Image-backed grounding data:
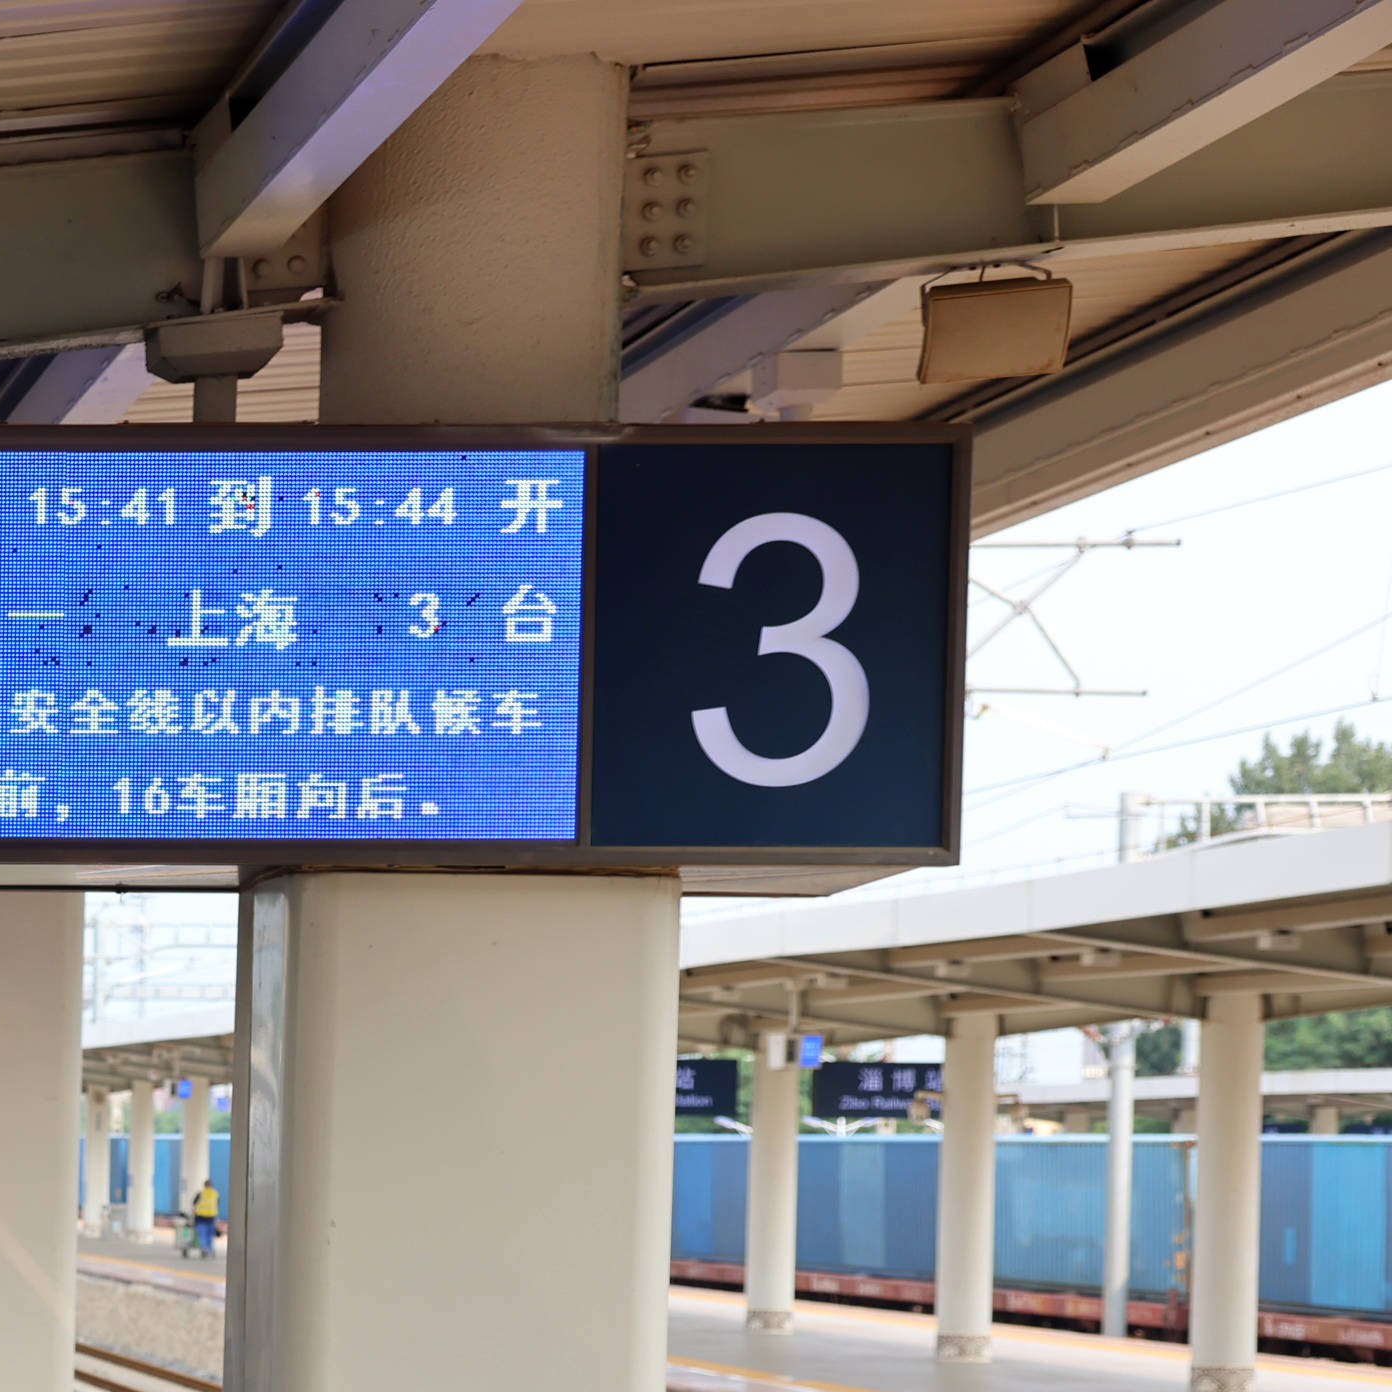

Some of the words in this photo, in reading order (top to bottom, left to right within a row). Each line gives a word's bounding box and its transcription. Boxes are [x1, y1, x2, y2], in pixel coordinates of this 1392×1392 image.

[28, 487, 176, 527] 15:41
[207, 475, 274, 537] 到
[301, 487, 458, 526] 15:44
[499, 478, 563, 534] 开
[166, 586, 299, 650] 上海
[407, 592, 441, 639] 3
[500, 583, 558, 645] 台
[689, 511, 871, 788] 3

Work instructions:
Please write out all the entries above again exactly as they appear, skipping any images.

Result of this exercise:
Some of the words in this photo, in reading order (top to bottom, left to right within a row). Each line gives a word's bounding box and its transcription. Boxes are [x1, y1, x2, y2], in pixel coordinates of this 1392×1392 image.

[28, 487, 176, 527] 15:41
[207, 475, 274, 537] 到
[301, 487, 458, 526] 15:44
[499, 478, 563, 534] 开
[166, 586, 299, 650] 上海
[407, 592, 441, 639] 3
[500, 583, 558, 645] 台
[689, 511, 871, 788] 3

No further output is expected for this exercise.